The Palestinian Authority’s skin-deep makeover
The Palestinian government’s latest PR drive looks like little more than a tactical attempt to dispel its ‘collaborator’ image
Rachel Shabi, 17 April 2010
It looks as though the Palestinian Authority (PA), sick of being slated as an Israeli puppet, is trying to reinvent itself as the People’s Authority.
The PA has upped support for some models of “popular resistance”, with increasing numbers of officials turning up to demonstrate at various events such as at the weekly anti-wall protests in the West Bank villages of Bil’in and Na’alin. Of course, Fatah officials have been attending weekly village protests at Bil’in for several years – but the authority as a body seems to be making its commitment more vocal of late.
Salam Fayyad, prime minister of the Fatah-controlled West Bank, appeared at Qarawat Bani Hassan village, near Qalqilya, for the recent Land Day commemorations and photogenically worked a horse-drawn plough – intended as a statement in an area that is under Israeli control according to Oslo rules.
He will be one of the speakers at Bil’in’s fifth annual conference on popular resistance next week.
Meanwhile, the PA has launched a campaign to boycott settlement goods – “Your Conscience, Your Choice,” read the billboard ads – estimated by the Palestinian economics minister to represent between $200m and $500m (£130m-£325m) in West Bank sales. The authority has drafted laws to prevent Palestinian employment in those same illegal Israeli settlements. And it has just prohibited the sale of Israeli mobile SIMs and top-up cards, because the phone networks plant signal towers in West Bank settlements.
Could these recent measures earn the PA a surge of popular support? Many do praise the PA’s campaigns as positive, necessary steps – and the nonviolent direct action campaigners I spoke with welcomed the endorsement.
But at the same time, there’s a worry that this is just a tactic, not a strategy – and one likely to be pursued only as long as negotiations with Israel are at an impasse.
“For us, nonviolent direct action is a way of life,” says Bethlehem campaigner Ahmed al-Azah. “It is not just a trend that the PA can back now, and then put pressure on us later when the Americans persuade them to resume negotiations.”
Also, the PA’s appetite for protest seems picky: it was PA forces, for instance, that recently helped to disperse demonstrations in Bethlehem.
The PA has definite ideas about the right kind of protest – nothing that might be construed as support for Hamas, for instance, which explains why demonstrations against Israeli’s assault on Gaza last year were dispersed by PA forces.

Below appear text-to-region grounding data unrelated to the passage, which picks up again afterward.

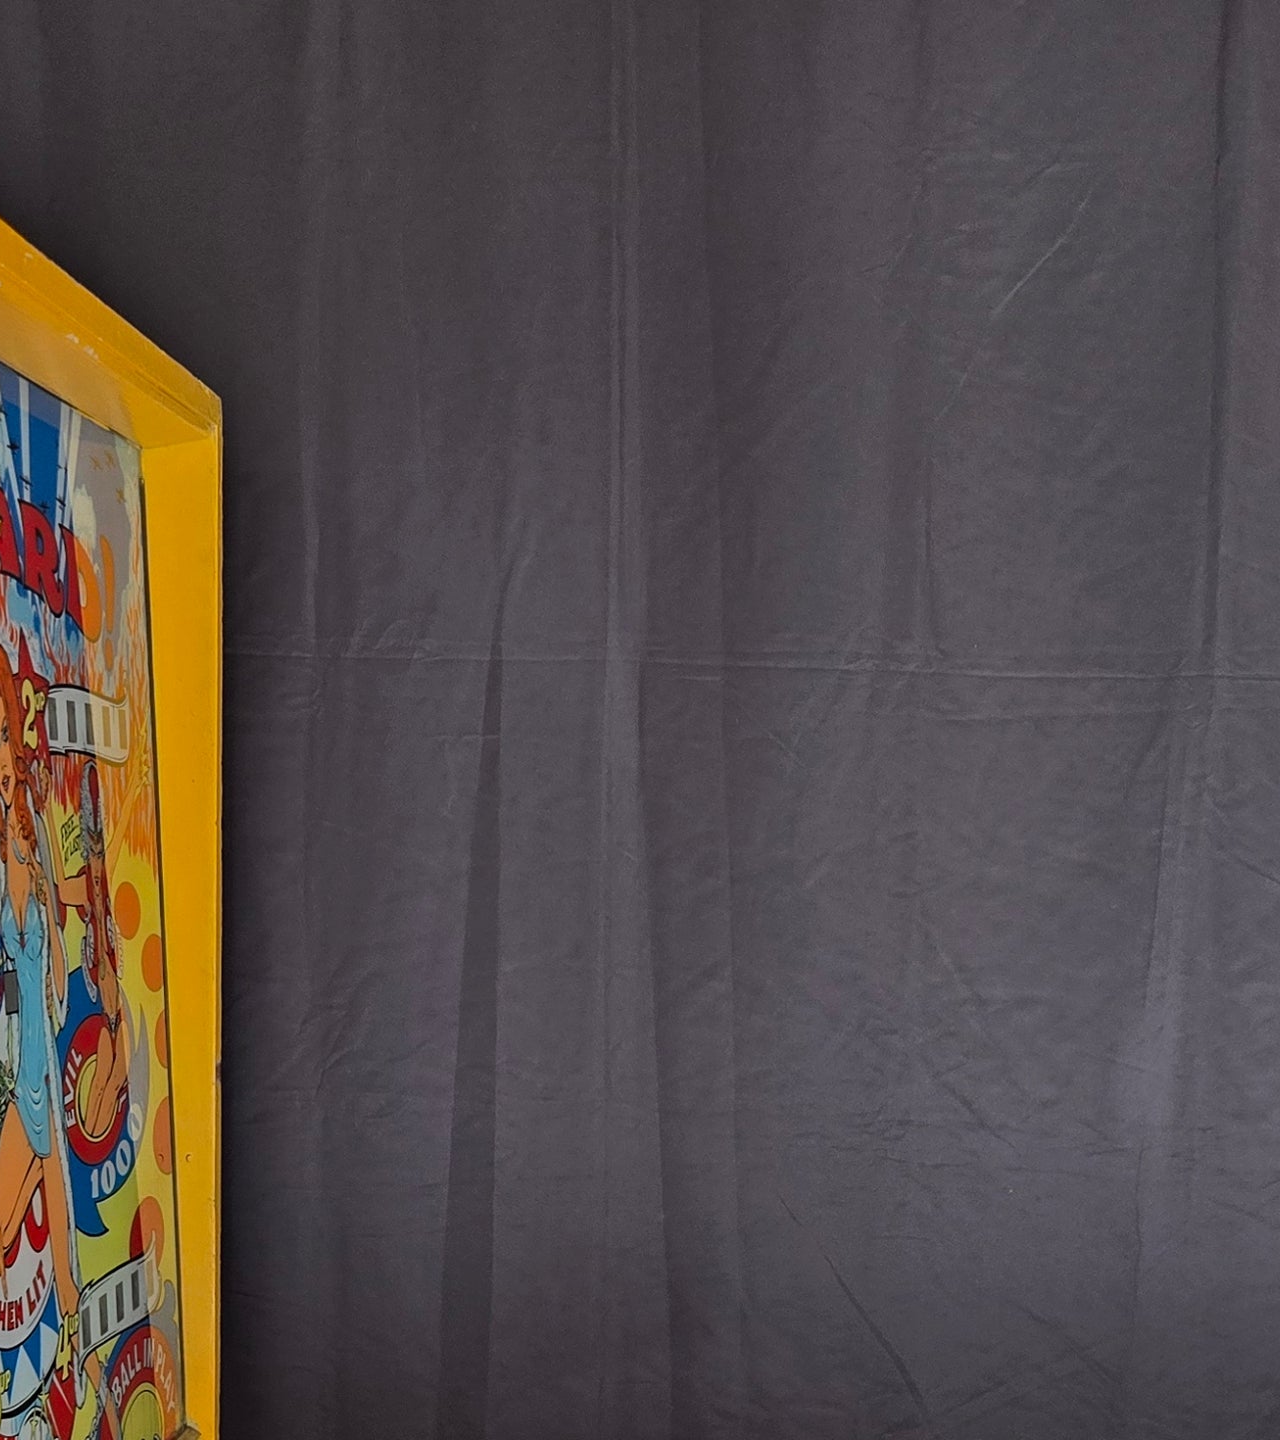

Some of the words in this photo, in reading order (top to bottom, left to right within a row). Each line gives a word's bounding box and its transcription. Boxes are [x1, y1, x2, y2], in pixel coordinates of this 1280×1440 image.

[64, 1048, 82, 1128] EVIL
[91, 1103, 143, 1198] 1000
[26, 1260, 47, 1317] LIT
[111, 1344, 141, 1408] BALL
[143, 1338, 155, 1368] IN
[156, 1344, 176, 1413] PLAY
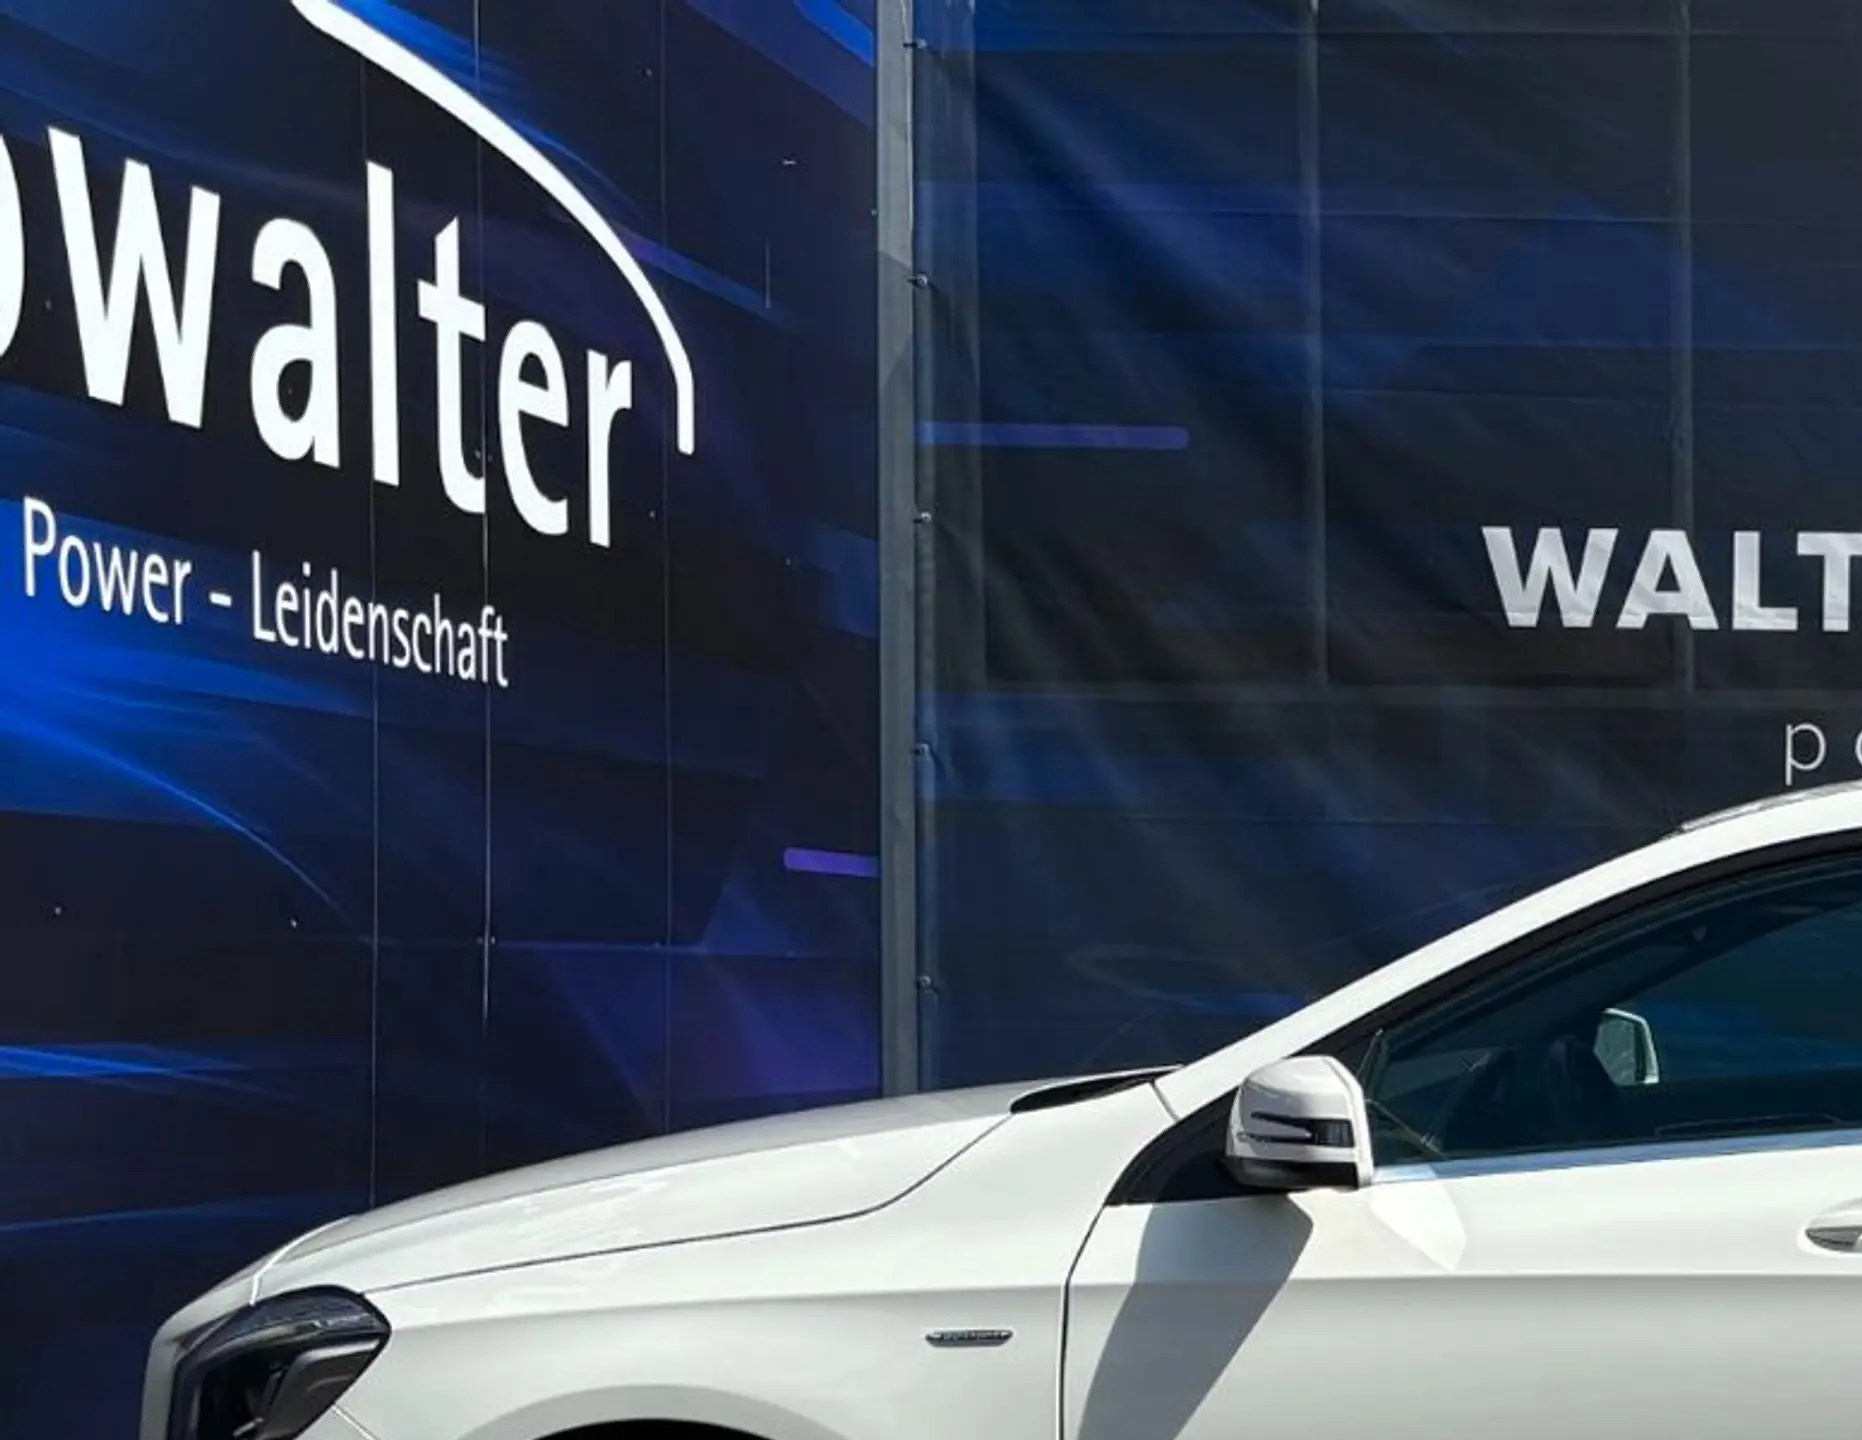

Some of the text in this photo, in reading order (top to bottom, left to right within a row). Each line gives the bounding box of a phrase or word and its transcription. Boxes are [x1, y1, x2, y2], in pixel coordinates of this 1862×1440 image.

[0, 126, 632, 548] walter
[23, 495, 192, 626] Power
[252, 549, 509, 688] Leidenschaft
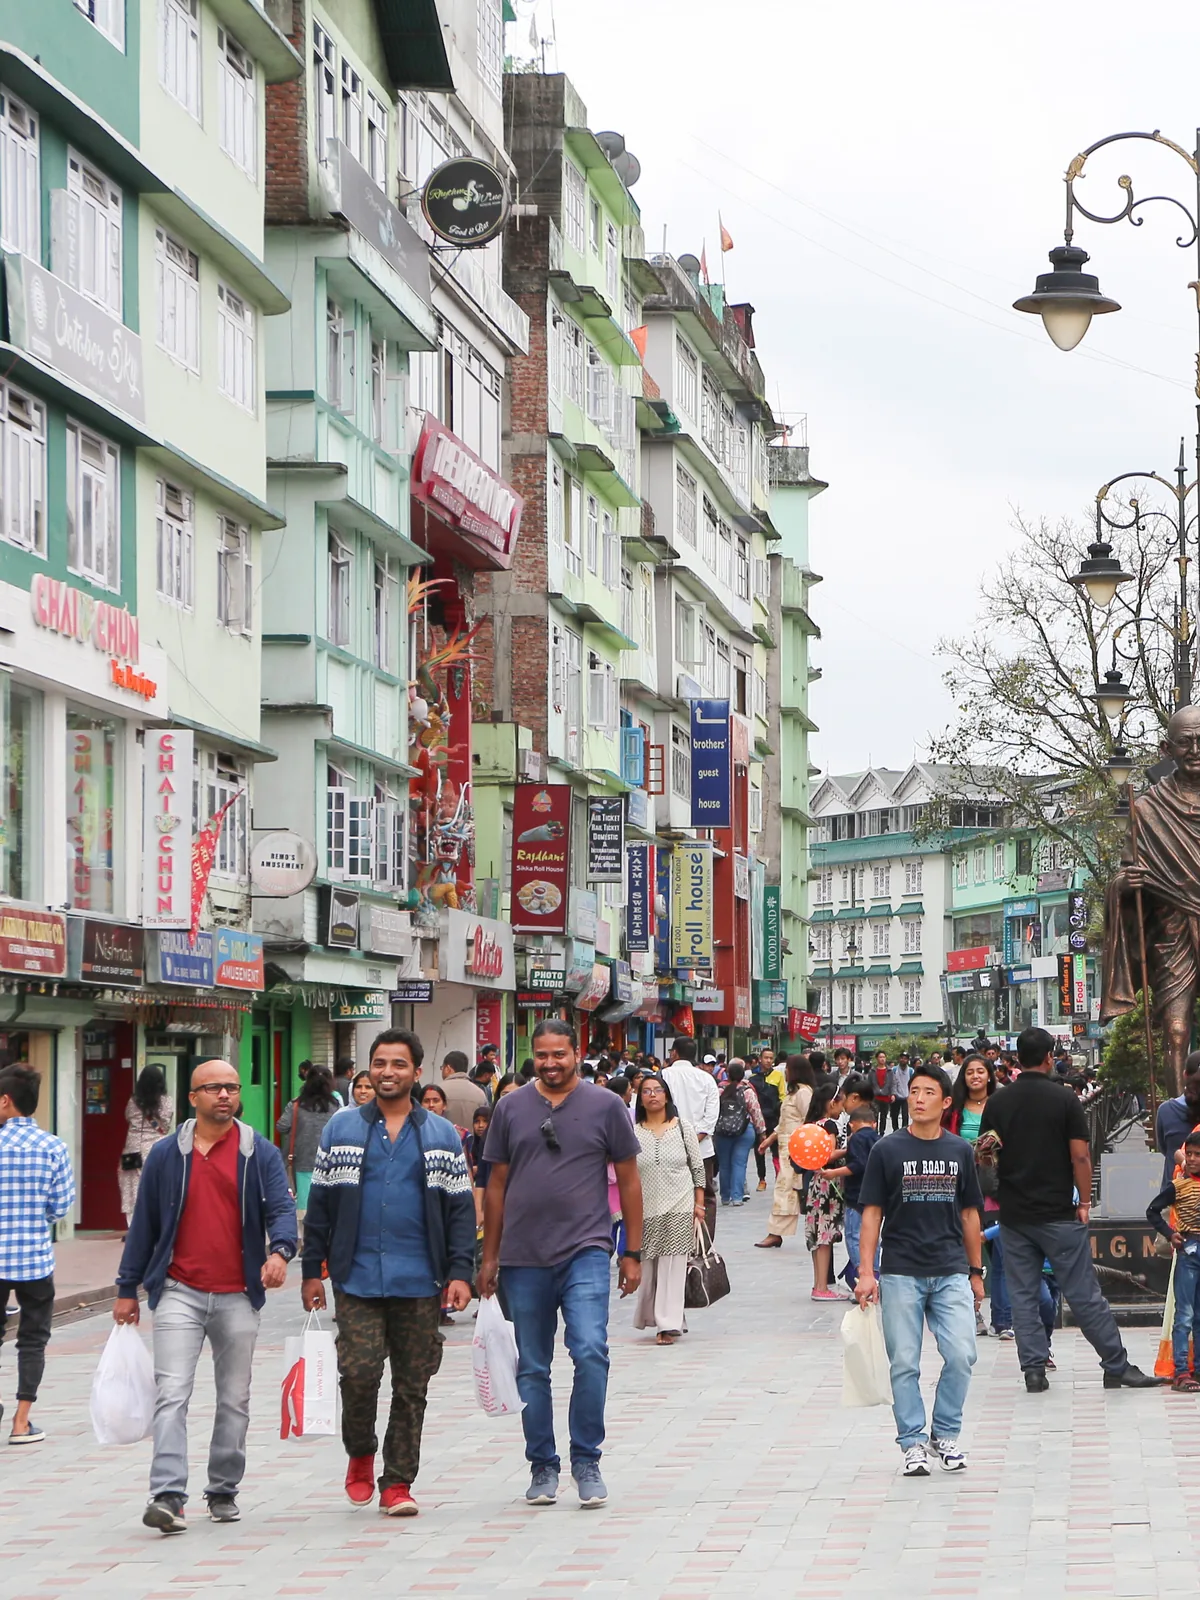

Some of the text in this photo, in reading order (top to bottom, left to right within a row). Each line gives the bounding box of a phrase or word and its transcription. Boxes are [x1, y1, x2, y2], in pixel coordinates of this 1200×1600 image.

But even this prescribed list of support-worthy demonstrations is too much for Israel, which has already asked the PA to drop support for popular protest and voiced concern over a “Fayyad intifada”.
Meanwhile, the campaign to ban settlement products is popular but some wonder: why stop there? “We should boycott all Israeli goods, just as they already boycott our products by not allowing them to pass, not even to Palestinian Jerusalem,” says Stop the Wall campaign coordinator Jamal Juma. Israeli and Palestinian authorities are bound by Oslo-era treaties that guarantee the free-flow of trade – but in practice that’s a one-way system: Israeli goods flood the Palestinian market, while Palestinian exports are blocked by checkpoints, closures and other restrictions.
Time and again, Palestinians have said that what they most want from the PA is for it to form a unity government with Hamas. They urge the PA not to honour asymmetrically past agreements with Israel, since that manifestly has not created statehood or any sense of freedom for Palestinians. And they repeatedly question why the PA should comply with Israel’s security demands when the Israeli army can still violate the PA’s scope by routinely raiding the West Bank and rounding up Palestinians.
“People don’t want just food or economic prosperity,” says one Palestinian campaigner, of the trade-off the PA appears to have made. “They want security – and the main threat is Israel.”
But the PA continues to accept the restraints that bind it, unable or unwilling to break them. Maybe that’s one of the reasons why the graffiti in Nablus urges resistance to the “fake, American-imposed government”. By opting to be the preferred government of the Middle East quartet and Israel, by complying with all those accompanying, belittling and disempowering demands, the PA is backed into a corner – and it will take more than small tactical shifts to clean up its contaminated image.